1] AI is unlikely to be as intelligent as humans even as the AI models become more intelligent simply because computation can’t mimic thinking.
2] The biggest achievement of LLMs is enabling the transfer of thoughts and ideas to and fro between our minds and databases.
3] AI will increase the net number of jobs in tech because of the Jevons Paradox.
4] If you want to make money, it’s prudent to not fall in love with what you’ve built but to feel motivated to solve a problem people will pay to get solved. But prudence is no guarantee of success too; in fact, breakthrough success often goes to the moonshot ideas. In short, there’s no playbook for success in software.
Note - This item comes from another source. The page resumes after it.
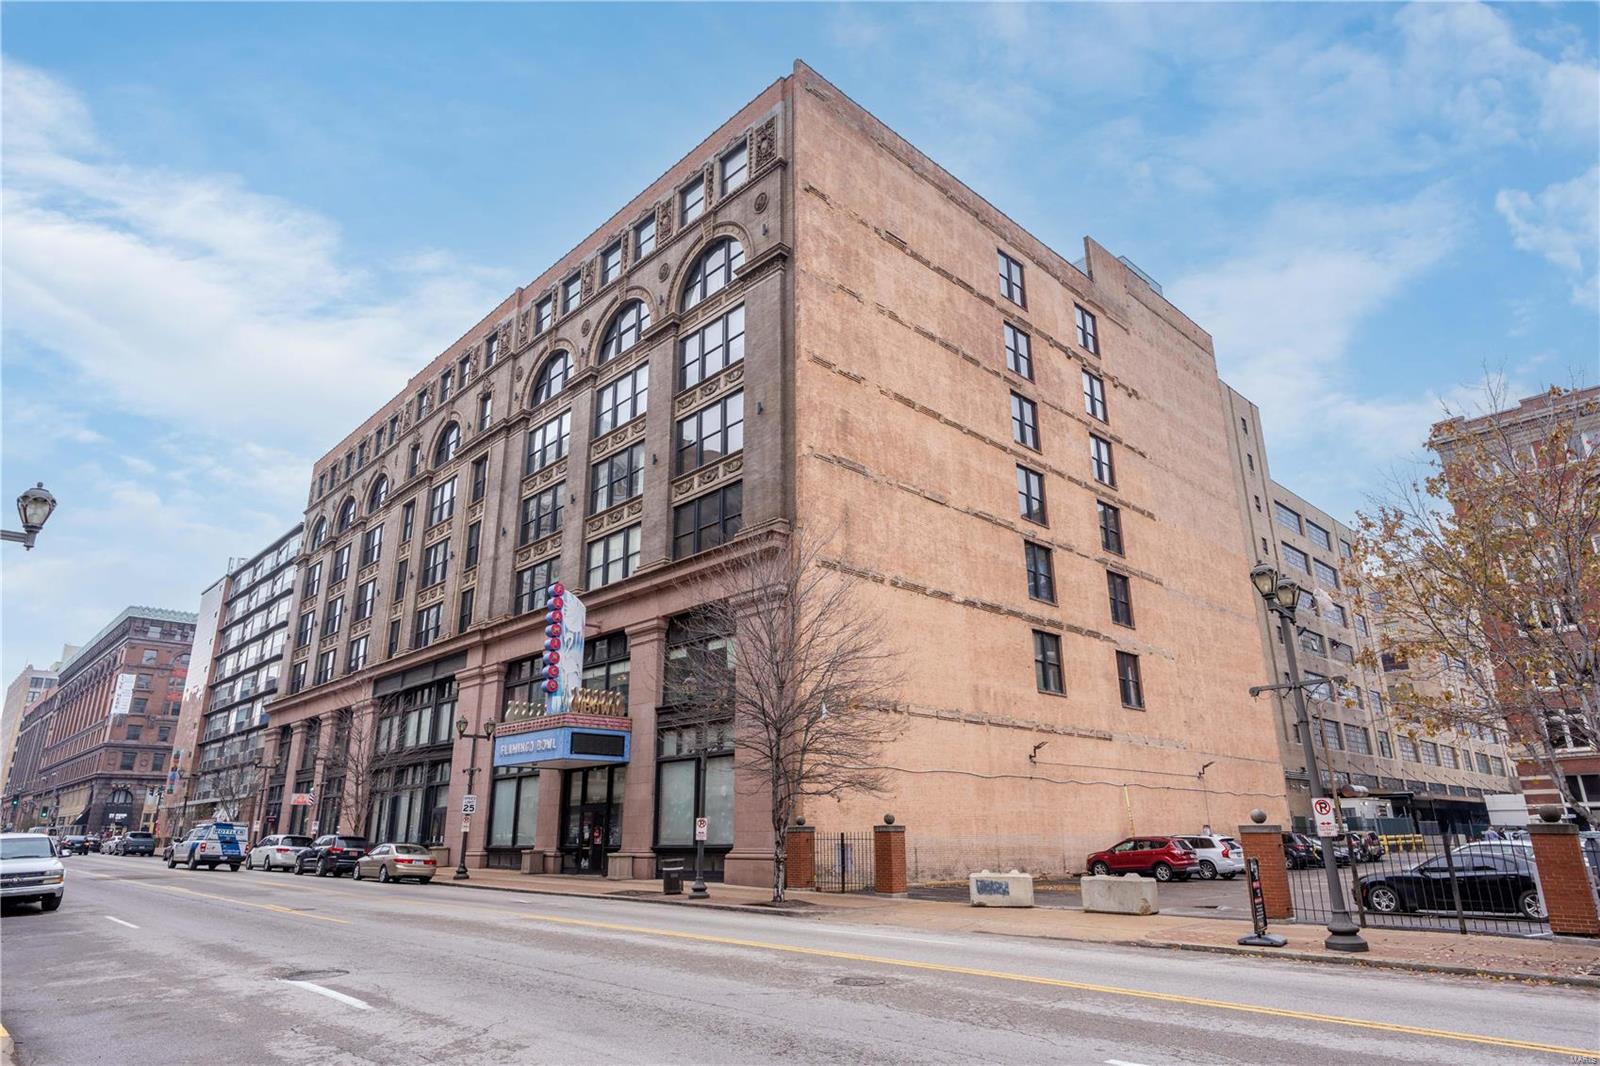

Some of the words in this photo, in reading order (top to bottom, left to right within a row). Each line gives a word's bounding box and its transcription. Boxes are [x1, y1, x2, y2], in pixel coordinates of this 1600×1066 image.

[500, 740, 534, 755] FLAMINGO
[536, 738, 557, 751] BOWL
[463, 804, 475, 812] 25
5] However, there’s probably a strong correlation between how boring your product idea is and the probability of it making money for you. If you’re making something that excites people around you, then probably hundreds of people are making the same thing and it’s a crowded market.
6] Software makes the world a better place because it has significantly reduced the need for capital to produce value-creating artifacts.
7] Nuclear fusion will be a bigger revolution than LLMs because it’s not intelligence but energy that’s the more fundamental need and something that comes from outside the planet (because even the fossil fuels are stored solar energy).
8] The most important innovations are about (1) how to save the planet and (2) how to cure terminal diseases cheaply. Although many innovations have a second-order effect on these, I don’t see too much focus on innovations that directly solve these. That’s the sad part of the tech world. It happens because both these have long revenue realisation cycles: something capitalism doesn’t reward much.